--- Material for this task Enclosed Below ---
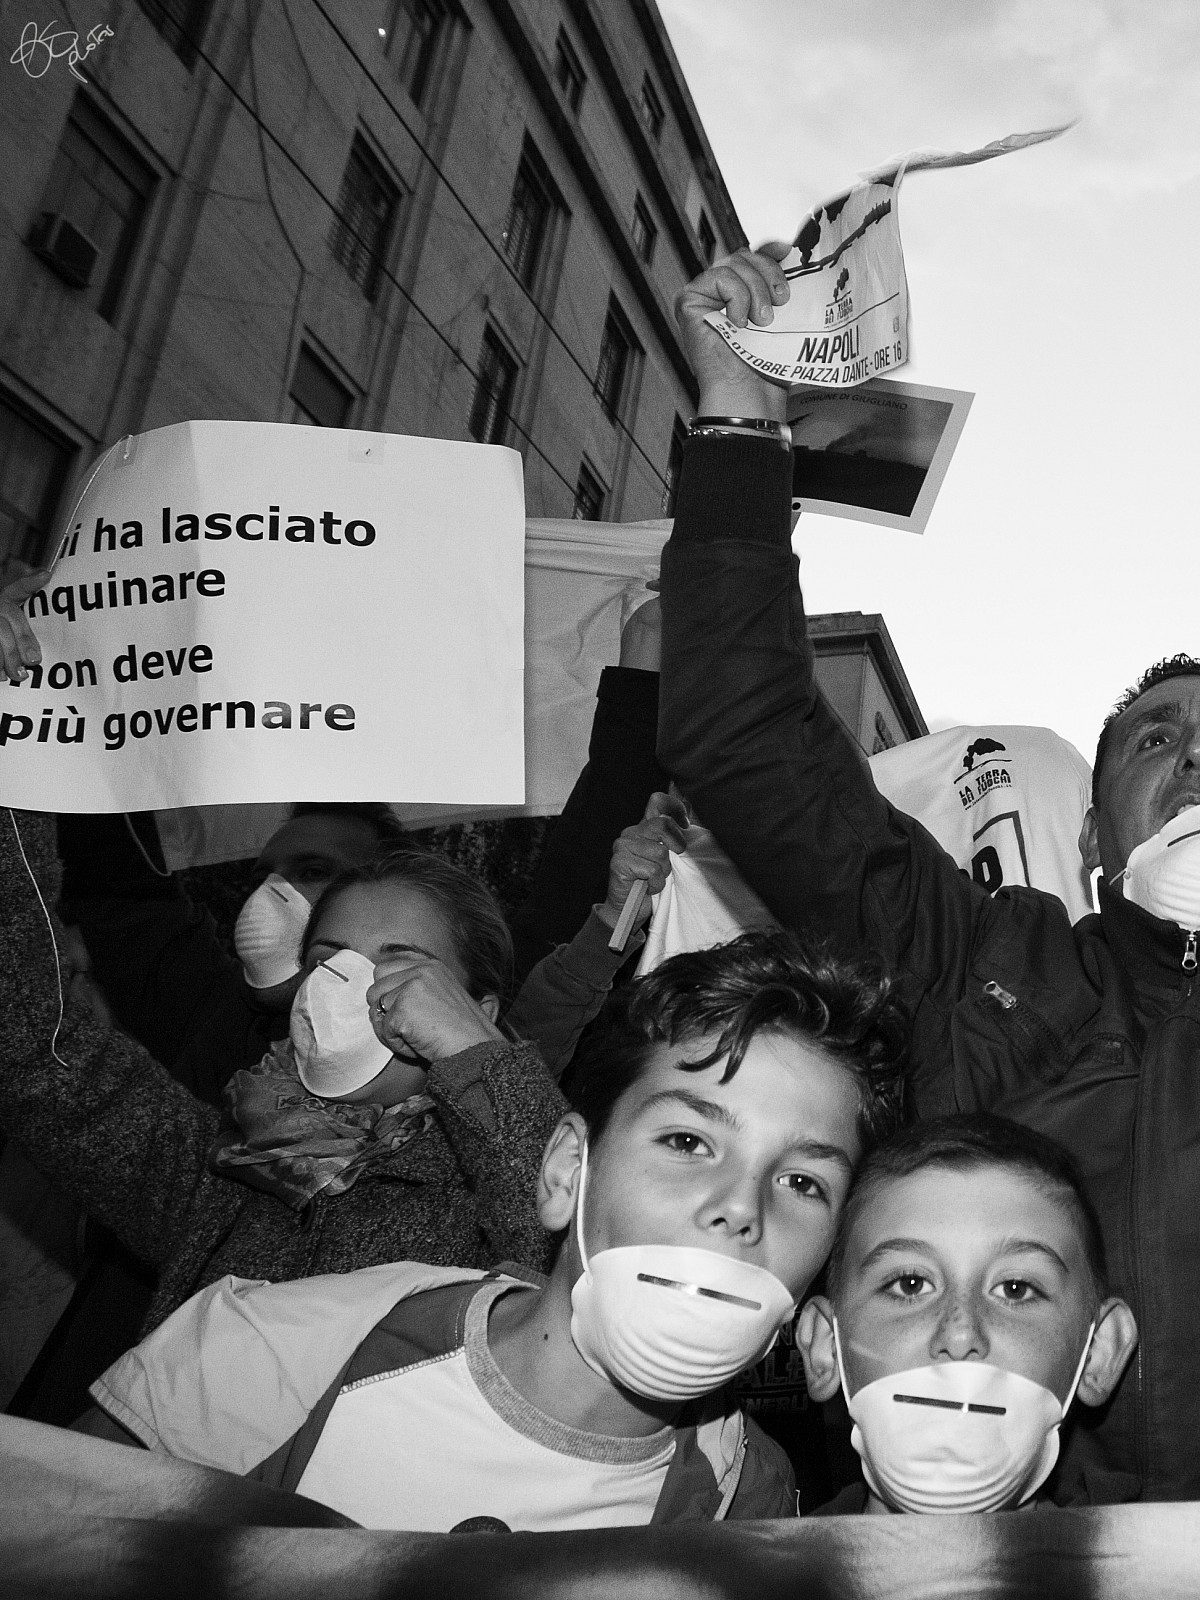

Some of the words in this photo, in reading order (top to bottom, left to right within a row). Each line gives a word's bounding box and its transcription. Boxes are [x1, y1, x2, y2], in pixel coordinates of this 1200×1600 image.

[715, 323, 733, 340] 25
[731, 341, 791, 377] OTTOBRE
[790, 365, 840, 384] PIAZZA
[841, 356, 869, 383] DANTE
[874, 345, 891, 371] ORE
[893, 339, 902, 361] 16
[796, 325, 860, 364] NAPOLI
[839, 392, 851, 400] DI
[852, 394, 909, 411] GIUGLIANO
[93, 517, 143, 553] ha
[161, 505, 376, 548] lasciato
[113, 643, 213, 683] deve
[0, 705, 86, 746] più
[103, 697, 356, 751] governare
[975, 768, 1010, 786] TERRA
[977, 775, 1012, 796] FUOCHI
--- End of Enclosed Material for this task ---
*Task description*
Could you return the whole listing exactly, with every picture removed?

*Expected answer*
Some of the words in this photo, in reading order (top to bottom, left to right within a row). Each line gives a word's bounding box and its transcription. Boxes are [x1, y1, x2, y2], in pixel coordinates of this 1200×1600 image.

[715, 323, 733, 340] 25
[731, 341, 791, 377] OTTOBRE
[790, 365, 840, 384] PIAZZA
[841, 356, 869, 383] DANTE
[874, 345, 891, 371] ORE
[893, 339, 902, 361] 16
[796, 325, 860, 364] NAPOLI
[839, 392, 851, 400] DI
[852, 394, 909, 411] GIUGLIANO
[93, 517, 143, 553] ha
[161, 505, 376, 548] lasciato
[113, 643, 213, 683] deve
[0, 705, 86, 746] più
[103, 697, 356, 751] governare
[975, 768, 1010, 786] TERRA
[977, 775, 1012, 796] FUOCHI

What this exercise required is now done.